Frage von
Frau A. L.:
Lieber Herr Steffny,
ich habe eigentlich gedacht, dass man für einen Marathon vorher
viel trinken sollte und auch während des Rennens reichlich
aufnehmen sollte, um nicht auszutrocknen und Krämpfe zu
bekommen. Nun irritieren mich aktuelle Zeitungsberichte aus der
Tagespresse und Online-Nachrichten, dass man im Marathon weniger
Wasser trinken sollte. Jetzt bin ich etwas durcheinander und
würde gerne dazu mal ihre Meinung als Marathon-Experte einholen.
Vielen Dank im voraus.
Antwort von
Herbert Steffny:
Hallo Frau L.,
leider wie so oft bei vielen Meldungen, viel Lärm um wenig, bzw.
hier "Sturm im Wasserglas". Das ist
alles nicht neu, sondern nur mit falschen
Schlussfolgerungen in den Überschriften aufgebauscht.

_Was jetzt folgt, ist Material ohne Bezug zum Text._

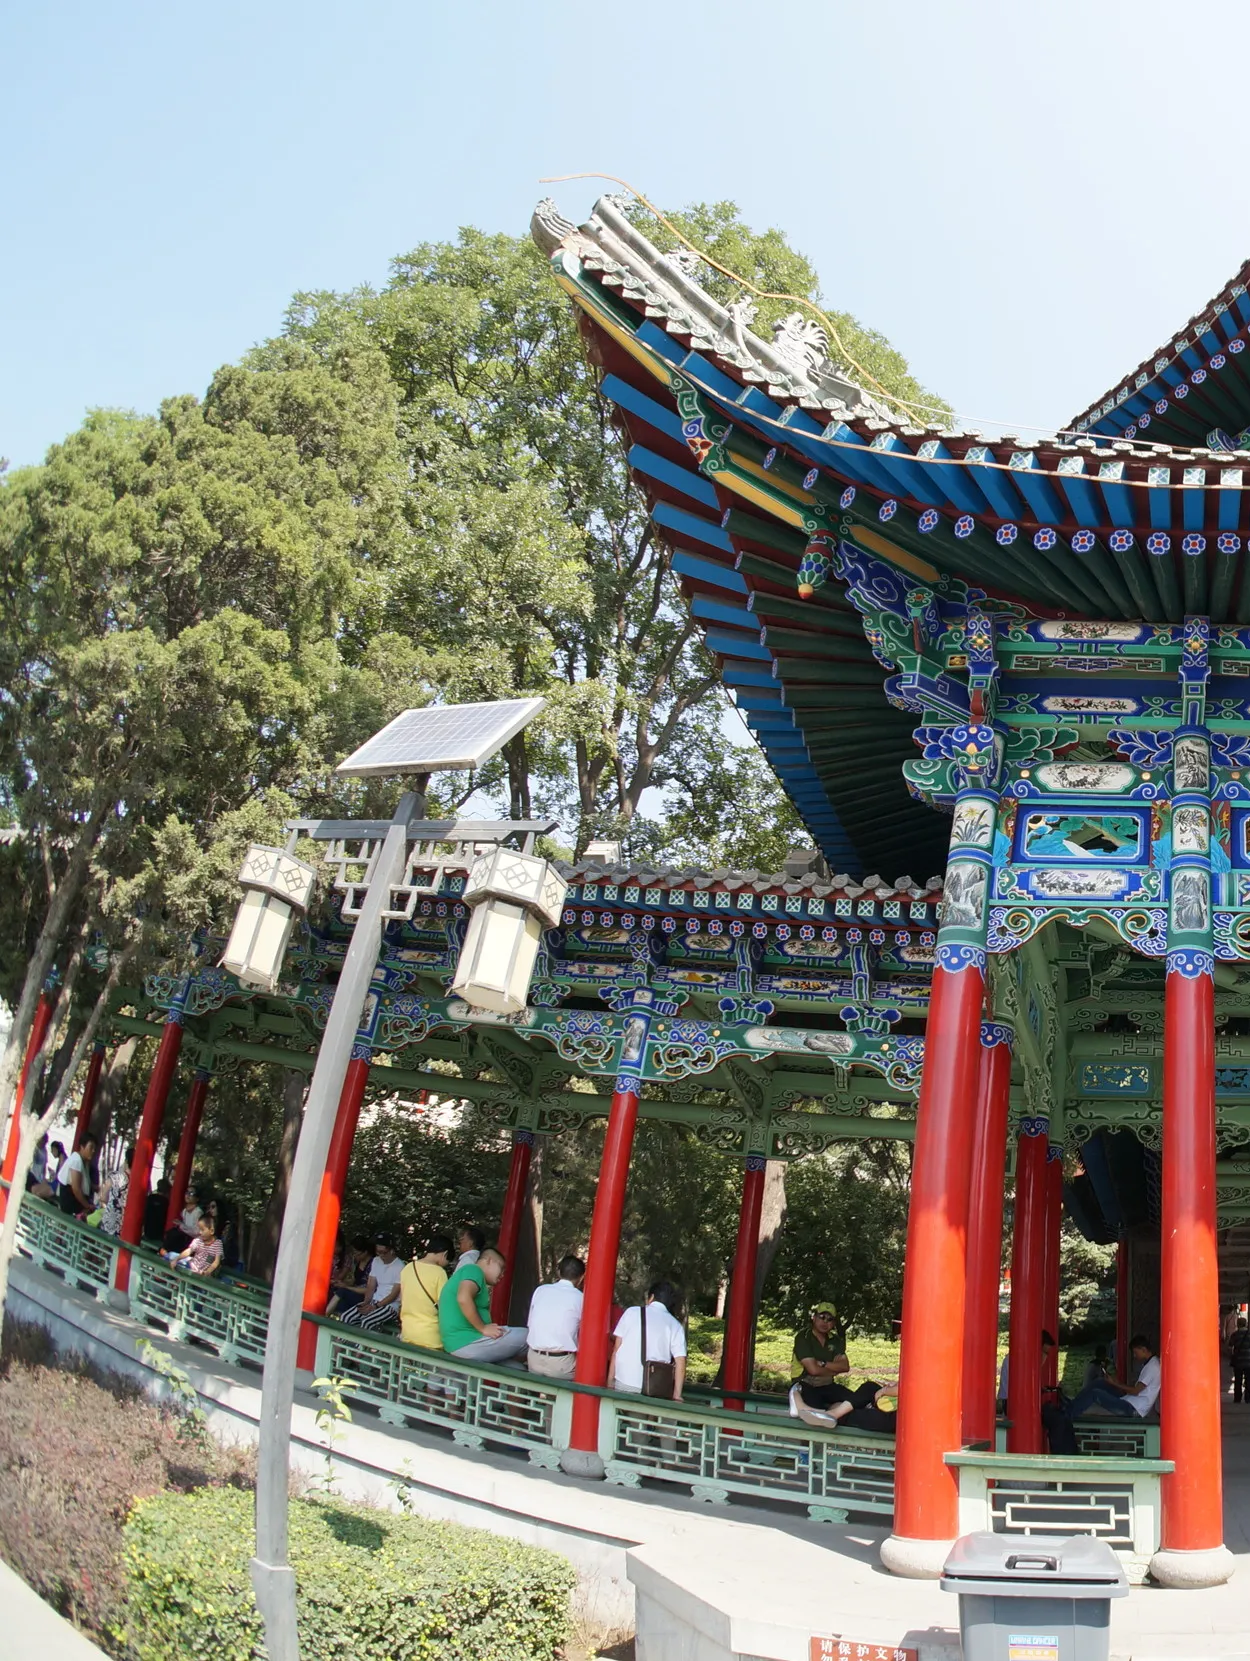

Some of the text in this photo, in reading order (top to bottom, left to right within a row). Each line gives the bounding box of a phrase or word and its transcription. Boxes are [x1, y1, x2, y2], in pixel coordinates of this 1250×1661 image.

Das Problem ist nicht etwa zuviel Wasser trinken, sondern der
Natrium-Chloridmangel, wenn Sie kochsalzarme oder -freie
Getränke oder nur Zuckerzeugs (reine Cola, Limo, schlecht
zusammengesetzte "Sportgetränke", gezuckerten Tee)
oder reines Wasser im Marathon zu sich nehmen würden. Kochsalz
im Wettkampfgetränk fördert nämlich die Wasseraufnahme.
Fehlt Kochsalz, können Sie in der Tat mit Leistungseinbussen,
Bewusstseinsstörungen usw. rechnen, da das Wasser in das
Körpergewebe übergeht und Ödeme in Lunge, Gehirn, geschwollene
Beine usw. verursachen kann. Im schlimmsten Falle sogar bis zum
Tode. Das ist aber wie gesagt überhaupt alles nicht neu, denn
schon vor Jahrzehnten empfahl der "Laufpabst"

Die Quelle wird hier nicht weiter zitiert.